Fees

Lawyers are free to set the amount of their fees with their client, though within the limits of fair moderation (article 446ter Judicial Code). 

This amount takes into account, in particular, the client’s financial situation, the importance of the dispute, the level of the interests at stake, the lawyer’s specialisation in the relevant field, the lawyer’s experience, the results achieved…

Moreover, lawyers are bound to inform their client beforehand about the different criteria that will determine the cost of their intervention.

Depending on the type of intervention, lawyers make use of one of the following methods for the calculation of their fees (article 28 to 32 Codex) :

  • An hourly fee ;
  • A flat fee ;
  • A subscription formula ;
  • A percentage fee, i.e. a percentage of the amount at stake.

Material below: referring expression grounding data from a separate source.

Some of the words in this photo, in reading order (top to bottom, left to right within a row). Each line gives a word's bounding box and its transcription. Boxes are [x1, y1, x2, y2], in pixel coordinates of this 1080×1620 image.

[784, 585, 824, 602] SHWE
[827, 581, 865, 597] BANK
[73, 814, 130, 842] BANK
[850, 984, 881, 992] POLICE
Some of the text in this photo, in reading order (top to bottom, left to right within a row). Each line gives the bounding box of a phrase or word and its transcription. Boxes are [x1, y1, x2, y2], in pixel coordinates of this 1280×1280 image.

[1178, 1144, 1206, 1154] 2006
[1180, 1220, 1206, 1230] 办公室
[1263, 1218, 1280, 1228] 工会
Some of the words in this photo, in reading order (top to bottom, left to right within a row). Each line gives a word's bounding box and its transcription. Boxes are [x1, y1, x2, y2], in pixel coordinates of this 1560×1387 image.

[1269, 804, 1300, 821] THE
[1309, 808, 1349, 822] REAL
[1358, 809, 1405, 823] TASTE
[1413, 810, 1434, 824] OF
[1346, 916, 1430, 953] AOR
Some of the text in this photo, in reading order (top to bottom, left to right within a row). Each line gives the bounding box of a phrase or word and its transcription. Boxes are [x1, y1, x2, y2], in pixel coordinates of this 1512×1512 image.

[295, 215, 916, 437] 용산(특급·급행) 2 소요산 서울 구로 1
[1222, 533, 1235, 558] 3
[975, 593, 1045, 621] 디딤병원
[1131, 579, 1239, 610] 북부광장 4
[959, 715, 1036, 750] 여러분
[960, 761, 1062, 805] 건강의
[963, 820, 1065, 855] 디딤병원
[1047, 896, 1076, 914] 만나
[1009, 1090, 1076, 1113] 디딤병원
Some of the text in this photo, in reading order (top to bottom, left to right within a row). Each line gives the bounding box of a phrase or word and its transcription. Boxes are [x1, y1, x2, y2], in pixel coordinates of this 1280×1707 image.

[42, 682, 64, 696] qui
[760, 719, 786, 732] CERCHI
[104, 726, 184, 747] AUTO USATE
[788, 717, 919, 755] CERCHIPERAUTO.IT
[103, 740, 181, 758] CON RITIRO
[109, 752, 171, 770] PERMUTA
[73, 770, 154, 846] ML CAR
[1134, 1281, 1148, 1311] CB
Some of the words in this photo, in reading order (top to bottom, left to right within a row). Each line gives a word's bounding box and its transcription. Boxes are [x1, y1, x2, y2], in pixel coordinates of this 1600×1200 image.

Your lawyer will inform you of which method is being used and of the costs associated with managing the case, and will request the payment of provisions for fees as the case progresses

Attention : a distinction is to be made between the actual fees (i.e. the counterpart of the services provided by your lawyer), the administrative costs and expenses (i.e. secretarial services, travel expenses, translation costs,…) and the legal fees (bailiff fees, court fees, …).

In a problem ?

In the case of any problem related to fees, you can contact the ombudsman, a lawyer who will listen to your problem, free of charge, provide you with information and clarify the situation.

For more information, see

 

Should the ombudsman be unable to solve the dispute, a conciliation procedure between you and your lawyer is a further possibility, either through the Fees Commission of the Bar or the Court. (see articles 22 § 1-2 and articles 103- 106 Codex).

Finally, the Bar Council is entitled to provide its legal advice in fee conflicts. (see articles 22 § 3-4 à 24, article 33 and articles 103-106 Codex).